Newsroom Robots : Where Journalism’s Value Lives When AI Tells the Story: In Conversation with Gina Chua

Et si l’intelligence artificielle permettait enfin au journalisme de s’adresser à l’ensemble des publics — y compris ceux que le marché publicitaire a toujours jugés trop marginaux pour être rentables ?

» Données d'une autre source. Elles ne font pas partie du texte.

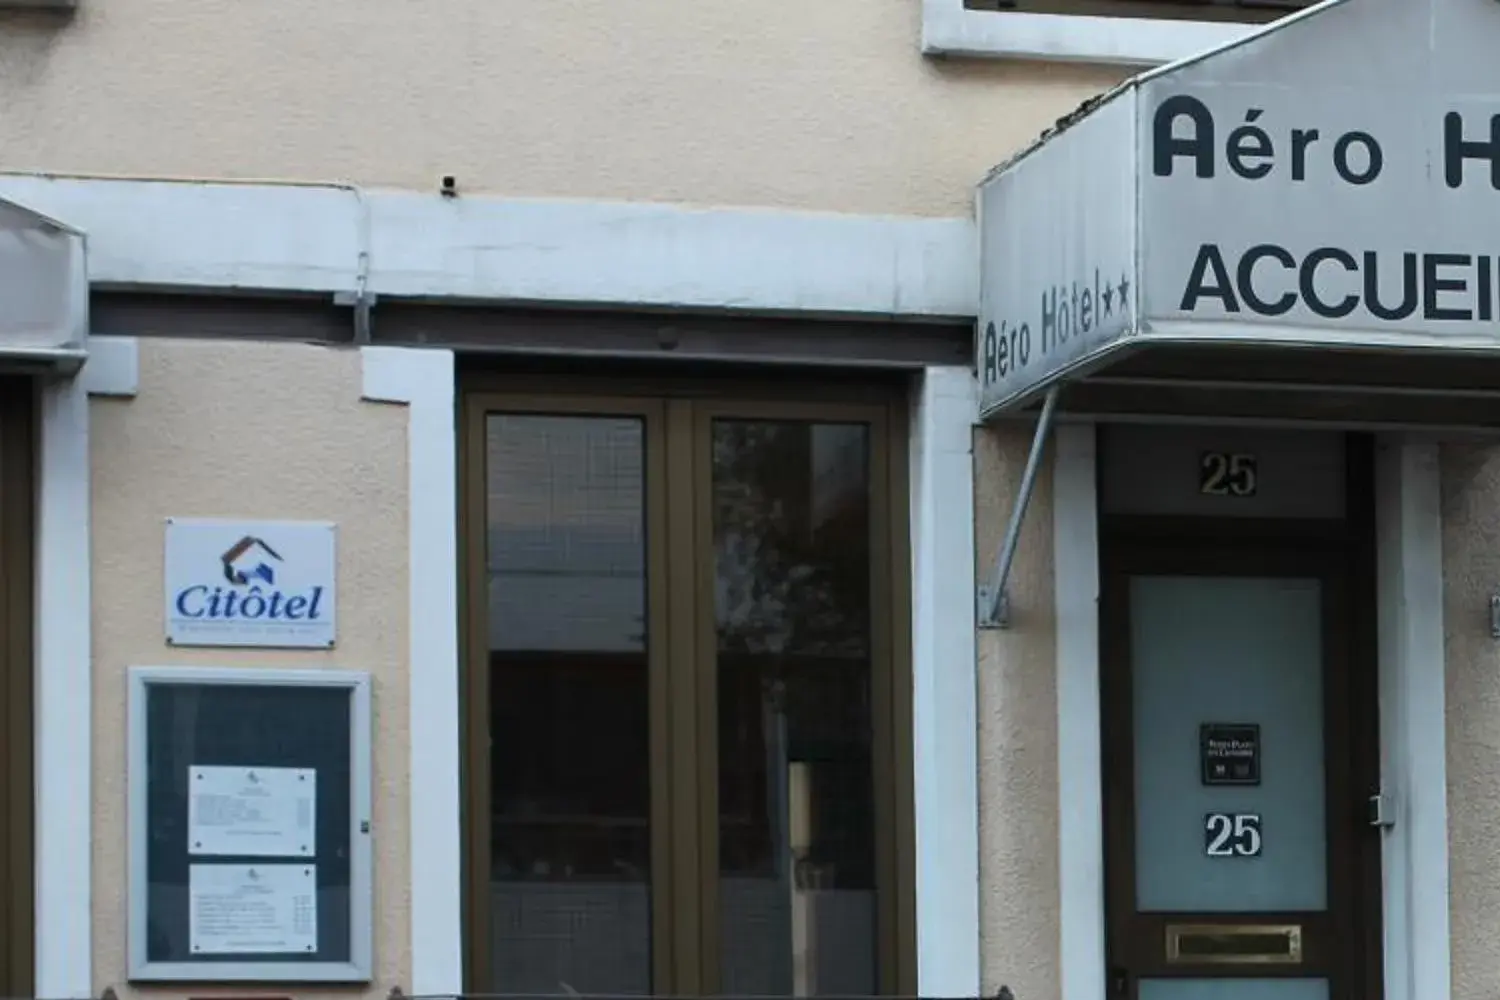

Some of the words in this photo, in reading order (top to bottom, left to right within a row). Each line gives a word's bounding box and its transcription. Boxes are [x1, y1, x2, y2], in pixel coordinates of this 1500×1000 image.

C’est autour de cette hypothèse que s’est articulée une conversation avec Gina Chua, rédactrice en chef de Semafor et figure de référence sur les enjeux d’innovation dans les médias. Enregistré à l’Université de New York dans le cadre d’un événement organisé avec le réseau Humans in the Loop, cet échange revient sur les expérimentations concrètes qu’elle mène avec l’IA et leur portée stratégique pour les rédactions. Ancienne dirigeante de Reuters et du South China Morning Post, Gina Chua adopte une approche très personnelle de l’intelligence artificielle. Elle décrit ses longues sessions de prototypage nocturne avec Claude, un agent conversationnel, comme du vibe coding : une forme d’idéation rapide, où les idées deviennent des outils opérationnels en quelques heures. Parmi ses expérimentations : un moteur de recherche multilingue, des assistants automatisés pour appliquer les chartes éditoriales ou encore un système d’analyse de contenus. L’une des avancées les plus marquantes de cette démarche : le développement d’un outil de sécurité éditoriale baptisé JESS (Journalist Expert Safety Support). Ce chatbot, conçu en partenariat avec Newsroom Robots Lab, l’ACOS Alliance et le Journalism Protection Initiative de CUNY, vise à rendre accessibles aux petites rédactions des connaissances expertes en matière de sécurité, habituellement réservées à de grandes structures dotées d’équipes dédiées.
🎧 Tous les podcasts de Newsroom Robots de Nikita Roy
Empire of AI: Dreams and Nightmares in Sam Altman’s OpenAI – Karen Hao

Dans Empire of AI, Karen Hao livre une enquête incisive sur les dérives du secteur de l’intelligence artificielle à travers une immersion de plusieurs années au cœur d’OpenAI, l’entreprise qui a catalysé la révolution des modèles de langage avec ChatGPT. Ce qui devait être, selon les déclarations de Sam Altman, une organisation à but non lucratif guidée par l’éthique, s’est progressivement mué en acteur central d’une nouvelle forme d’empire technologique — concentrant capital, infrastructures, données et main-d’œuvre à une échelle quasi impériale. Karen Hao possède un profil rare : passée par le MIT, elle connaît intimement la science qu’elle couvre. Ce double regard – d’ingénieure et de journaliste d’investigation – lui permet de démonter les récits de la Silicon Valley avec une rigueur redoutable. En s’appuyant sur ses sources internes à OpenAI, elle revient en détail sur l’éviction puis le retour spectaculaire de Sam Altman, révélant les luttes de pouvoir à la tête de cette industrie opaque.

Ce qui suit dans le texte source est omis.